Tate's writing is produced out of interesting tensions: between his academic/radical background and his yen to be down with street culture, between his gung-ho fervour for African-American art and his fondness for some white artefacts (his fave LPs of last year included My Bloody Valentine, Nirvana, and bizarrely, Van Halen!). The most crucial, productive tension comes from his desire to build a bridge between Black cultural nationalism and post-structuralism; Tate wants his criticism to be proud-and-loud, but not to succumb to any fixed notions about what constitutes "authentic" Black culture.
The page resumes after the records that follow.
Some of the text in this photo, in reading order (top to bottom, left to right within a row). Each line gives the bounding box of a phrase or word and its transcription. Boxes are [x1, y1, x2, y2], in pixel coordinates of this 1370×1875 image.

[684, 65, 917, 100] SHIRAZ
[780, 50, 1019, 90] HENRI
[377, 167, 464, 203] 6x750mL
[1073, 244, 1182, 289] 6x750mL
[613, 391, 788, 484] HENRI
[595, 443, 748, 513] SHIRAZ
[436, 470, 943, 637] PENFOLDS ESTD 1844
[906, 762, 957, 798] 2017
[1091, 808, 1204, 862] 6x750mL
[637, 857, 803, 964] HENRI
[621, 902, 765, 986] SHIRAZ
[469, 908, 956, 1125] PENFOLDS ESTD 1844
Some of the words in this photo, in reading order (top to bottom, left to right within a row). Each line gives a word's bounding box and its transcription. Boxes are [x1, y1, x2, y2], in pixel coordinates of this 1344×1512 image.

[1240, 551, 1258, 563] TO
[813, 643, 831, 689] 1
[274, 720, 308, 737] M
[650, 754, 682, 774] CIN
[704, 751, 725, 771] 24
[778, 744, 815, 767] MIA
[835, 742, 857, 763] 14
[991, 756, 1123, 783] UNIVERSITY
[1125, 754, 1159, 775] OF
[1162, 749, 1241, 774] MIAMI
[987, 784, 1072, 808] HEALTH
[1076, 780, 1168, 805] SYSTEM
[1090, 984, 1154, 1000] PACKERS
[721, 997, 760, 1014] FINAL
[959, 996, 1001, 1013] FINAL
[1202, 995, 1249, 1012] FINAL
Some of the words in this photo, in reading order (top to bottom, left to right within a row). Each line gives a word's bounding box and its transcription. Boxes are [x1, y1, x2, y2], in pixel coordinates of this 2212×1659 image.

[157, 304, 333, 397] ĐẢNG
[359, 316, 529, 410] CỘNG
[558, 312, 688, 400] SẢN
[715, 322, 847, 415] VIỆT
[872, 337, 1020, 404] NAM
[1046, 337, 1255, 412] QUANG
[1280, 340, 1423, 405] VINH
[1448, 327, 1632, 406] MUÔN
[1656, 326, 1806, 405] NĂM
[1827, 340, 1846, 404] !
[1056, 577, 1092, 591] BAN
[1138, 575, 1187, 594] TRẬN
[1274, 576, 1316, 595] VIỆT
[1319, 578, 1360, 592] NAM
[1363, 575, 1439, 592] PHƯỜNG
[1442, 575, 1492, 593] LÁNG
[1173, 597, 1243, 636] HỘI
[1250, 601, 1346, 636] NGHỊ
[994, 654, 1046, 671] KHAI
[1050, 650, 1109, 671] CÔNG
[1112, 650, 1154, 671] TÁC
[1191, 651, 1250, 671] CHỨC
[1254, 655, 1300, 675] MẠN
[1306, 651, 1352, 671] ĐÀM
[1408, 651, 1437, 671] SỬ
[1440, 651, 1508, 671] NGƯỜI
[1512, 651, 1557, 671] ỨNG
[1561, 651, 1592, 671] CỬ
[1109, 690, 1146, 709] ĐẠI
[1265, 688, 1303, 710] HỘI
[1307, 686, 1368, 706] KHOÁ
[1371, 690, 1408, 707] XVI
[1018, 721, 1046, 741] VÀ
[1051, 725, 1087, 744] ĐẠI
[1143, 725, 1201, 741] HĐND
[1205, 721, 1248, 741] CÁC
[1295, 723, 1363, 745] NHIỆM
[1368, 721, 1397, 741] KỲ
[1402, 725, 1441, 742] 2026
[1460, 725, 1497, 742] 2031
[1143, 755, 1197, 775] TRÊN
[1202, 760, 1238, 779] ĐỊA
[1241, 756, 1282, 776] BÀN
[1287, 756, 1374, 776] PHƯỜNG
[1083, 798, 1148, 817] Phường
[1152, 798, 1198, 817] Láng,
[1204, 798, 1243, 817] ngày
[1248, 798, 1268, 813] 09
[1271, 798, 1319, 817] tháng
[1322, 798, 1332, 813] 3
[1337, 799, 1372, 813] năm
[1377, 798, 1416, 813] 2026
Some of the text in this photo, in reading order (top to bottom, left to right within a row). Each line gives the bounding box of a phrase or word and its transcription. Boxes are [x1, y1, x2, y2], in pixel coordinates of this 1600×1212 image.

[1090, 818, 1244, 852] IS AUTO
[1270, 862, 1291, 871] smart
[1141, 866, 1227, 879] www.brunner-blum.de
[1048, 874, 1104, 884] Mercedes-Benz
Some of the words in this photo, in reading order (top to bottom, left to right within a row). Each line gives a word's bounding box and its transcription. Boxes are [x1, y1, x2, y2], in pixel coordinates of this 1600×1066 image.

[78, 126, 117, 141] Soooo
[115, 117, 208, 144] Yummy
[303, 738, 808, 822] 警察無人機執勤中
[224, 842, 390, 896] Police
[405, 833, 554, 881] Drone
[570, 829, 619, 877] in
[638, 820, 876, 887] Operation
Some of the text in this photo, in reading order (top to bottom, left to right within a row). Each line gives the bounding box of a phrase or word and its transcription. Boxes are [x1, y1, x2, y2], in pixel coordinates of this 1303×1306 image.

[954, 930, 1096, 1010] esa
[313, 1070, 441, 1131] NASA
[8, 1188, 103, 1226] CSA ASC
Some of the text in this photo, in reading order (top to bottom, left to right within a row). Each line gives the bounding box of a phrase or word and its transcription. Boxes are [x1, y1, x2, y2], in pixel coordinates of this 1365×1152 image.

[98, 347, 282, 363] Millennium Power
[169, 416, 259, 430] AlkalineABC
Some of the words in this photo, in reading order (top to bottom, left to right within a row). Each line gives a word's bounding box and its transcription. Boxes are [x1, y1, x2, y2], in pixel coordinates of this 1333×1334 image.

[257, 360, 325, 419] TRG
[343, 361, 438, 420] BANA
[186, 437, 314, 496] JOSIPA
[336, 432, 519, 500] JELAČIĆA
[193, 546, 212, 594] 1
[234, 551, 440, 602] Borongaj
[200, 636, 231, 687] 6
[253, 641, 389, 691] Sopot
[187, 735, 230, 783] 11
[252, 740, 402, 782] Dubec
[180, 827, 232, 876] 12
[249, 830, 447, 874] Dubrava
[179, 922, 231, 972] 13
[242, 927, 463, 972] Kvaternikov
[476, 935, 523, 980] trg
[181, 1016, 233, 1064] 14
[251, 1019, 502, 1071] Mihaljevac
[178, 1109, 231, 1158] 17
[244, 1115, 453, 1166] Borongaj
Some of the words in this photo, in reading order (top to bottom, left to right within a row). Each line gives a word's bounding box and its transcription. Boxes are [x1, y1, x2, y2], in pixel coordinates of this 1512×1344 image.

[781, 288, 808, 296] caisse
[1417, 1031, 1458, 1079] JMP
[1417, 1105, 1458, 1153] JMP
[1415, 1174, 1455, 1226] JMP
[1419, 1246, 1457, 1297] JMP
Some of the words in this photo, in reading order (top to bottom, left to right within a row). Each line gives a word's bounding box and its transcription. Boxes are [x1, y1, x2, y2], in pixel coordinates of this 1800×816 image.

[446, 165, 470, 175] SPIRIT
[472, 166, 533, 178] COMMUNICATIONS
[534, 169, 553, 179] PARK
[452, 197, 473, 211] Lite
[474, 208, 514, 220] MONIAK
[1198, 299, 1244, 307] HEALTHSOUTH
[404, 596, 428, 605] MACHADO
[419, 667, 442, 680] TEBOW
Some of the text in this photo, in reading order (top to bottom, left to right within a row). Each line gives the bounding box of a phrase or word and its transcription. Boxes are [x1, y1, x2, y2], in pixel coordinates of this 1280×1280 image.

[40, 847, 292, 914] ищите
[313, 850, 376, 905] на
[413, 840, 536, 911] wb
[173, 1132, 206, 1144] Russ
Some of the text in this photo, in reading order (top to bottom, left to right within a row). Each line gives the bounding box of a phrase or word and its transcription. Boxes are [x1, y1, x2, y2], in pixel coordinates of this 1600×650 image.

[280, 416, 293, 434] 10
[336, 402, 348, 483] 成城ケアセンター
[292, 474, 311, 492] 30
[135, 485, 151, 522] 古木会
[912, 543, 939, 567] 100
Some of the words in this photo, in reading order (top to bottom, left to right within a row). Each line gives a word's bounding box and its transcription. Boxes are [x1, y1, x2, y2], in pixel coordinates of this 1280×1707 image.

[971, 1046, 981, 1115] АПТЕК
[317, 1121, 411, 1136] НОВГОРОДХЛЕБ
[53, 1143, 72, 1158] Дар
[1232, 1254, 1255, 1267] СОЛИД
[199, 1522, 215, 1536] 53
This is probably why Miles Davis is such a totem for him, Miles being the example par excellence of the Black artist who could incorporate white arthouse ideas and riffs (Stockhausen, Buckmaster) into his groove thang, and make them bad to the bone. Miles is the paradigm of the Black innovator (see also: Hendrix, Sly Stone, George Clinton, Jean-Michel Basquiat) who fused the superbad Stagolee tradition with an intellectual sophistication that white high culture couldn't deny. Their threat lies in being 'neither one thing nor the other': they're neither naively, instinctively passionate (the trad, racist idea about Black creativity) nor do they conform to the arid, restrained proprieties of white highbrow culture. Tate sees "signifyin'" -the ability to disguise meaning, to appropriate and remotivate elements from hegemonic culture - as a survival skill intrinsic to the Black American tradition.
Tate inscribes this "neither/nor" factor in a style that mixes in-your-face Blackness with po-mo riffs. Sometimes the onslaught of 'muhfukhuh's and 'doohickeys' can be a little alienating (possibly the point!). The idea is probably similar to the old Lester Bangs/Richard Meltzer notion of rock'n'roll writing that throbs like the music. Tate wants to write with the swank of a Bootsy bassline, and more often than not succeeds. Some of his neologisms are inspired: I particularly like "furthermucker", an inversion which manages to combine the swaggering Stagolee persona and the far-out cosmonaut of inner/outer space tradition, thus becoming the perfect term for Miles, P-Funk, et al.
A hefty portion of Flyboy In The Buttermilk consists of stimulating essays on Black culture--theorists like Henry Louis Gates, writers and artists like Samuel Delany and Basquiat. There's even some pieces on the occasional, honorary Caucasian, like novelist Don de Dillo, who's acclaimed for documenting the paranoiac death throes of white American culture. But for Wire-readers, the most interesting essays are about music. In some of his earlier pieces, Tate has yet to shed reified notions about musical "Blackness". In the 1982 piece on Clinton's Computer Games, he's flummoxed (as an unabashed Santana fan well might be) by the phenomenon of Black kids turning onto electro's "Monochrome Drone Brainwash Syndrome beat". At this point, he seems to share Chuck D's view of disco as soul-less, "anti-Black" shit. This notion of Black music as hot, sweat, funky and frictional, is uncomfortably close to the white stereotype, and it's a fix that Black youth have being evading throughout the Eighties. I wonder what Tate thinks of acid house or Detroit techno?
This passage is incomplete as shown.